Réforme des retraites : Emmanuel Macron et le gouvernement à l’heure des choix
POLITIQUE FRANÇAISE
Le président Emmanuel Macron et la Première ministre Élisabeth Borne, le 13 juillet 2022, au ministère des Armées à Paris.
Le gouvernement doit trancher dans les prochains jours les questions liées à la réforme des retraites, en particulier celle de la méthode, alors que plusieurs figures de la majorité ont mis en garde contre un "passage en force".
Semaine décisive pour l’exécutif.
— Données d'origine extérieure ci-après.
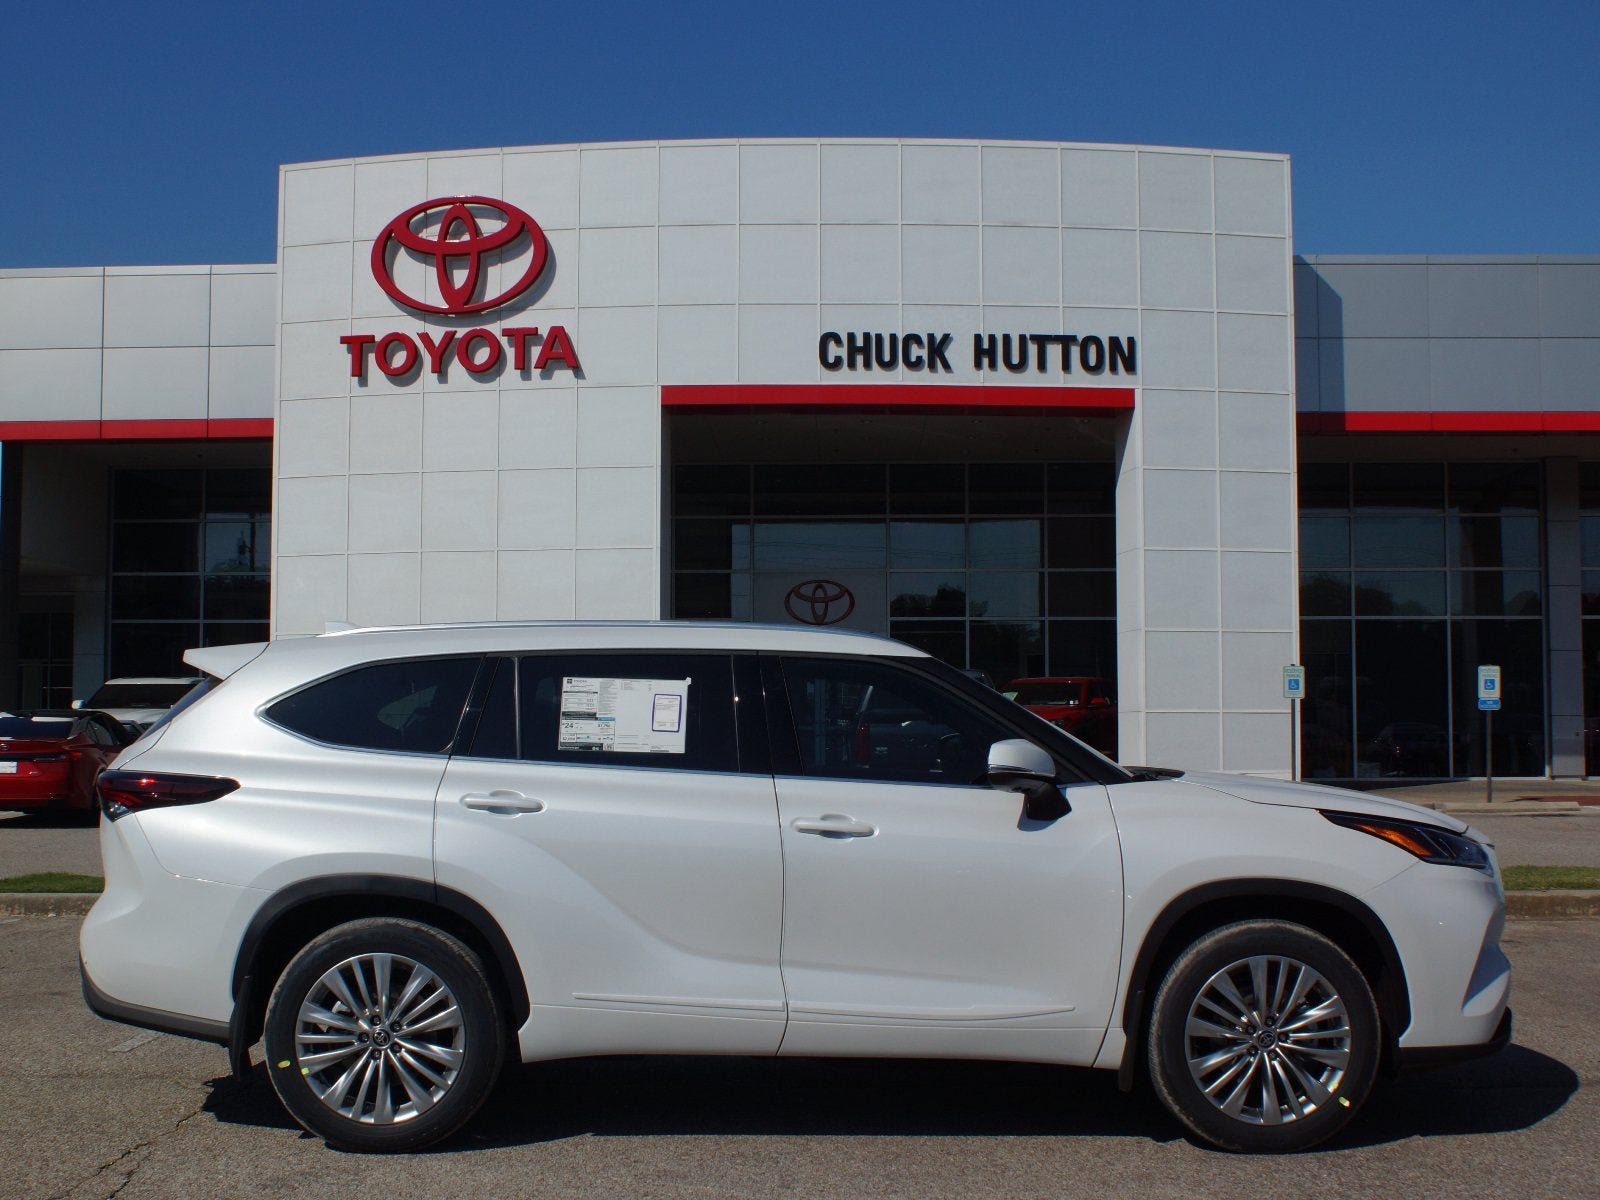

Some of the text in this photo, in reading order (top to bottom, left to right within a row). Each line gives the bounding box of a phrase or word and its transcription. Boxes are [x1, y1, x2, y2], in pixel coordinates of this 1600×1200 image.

[340, 326, 579, 377] TOYOTA
[818, 331, 1136, 374] CHUCK HUTTON
Après une longue séquence où chacun – partis de la majorité comme partis d’opposition – a pu prendre position sur la réforme des retraites voulue par l’Élysée et Matignon, Emmanuel Macron et Élisabeth Borne devraient trancher dans les jours à venir sur la méthode.
Le président de la République et la Première ministre réuniront ainsi la semaine prochaine les chefs de la majorité et les ministres concernés pour faire le point sur la manière d'engager la réforme des retraites, a annoncé, samedi 24 septembre, l'entourage du chef de l’État.
À l'issue d'un déjeuner à l’Élysée, vendredi, entre les deux têtes de l’exécutif, "toutes les options restent sur la table", a assuré l'entourage présidentiel à l'AFP, alors que la réforme divise au sein même de la majorité.
>> À lire aussi : "Énergies renouvelables : mauvaise élève, la France passe au rattrapage"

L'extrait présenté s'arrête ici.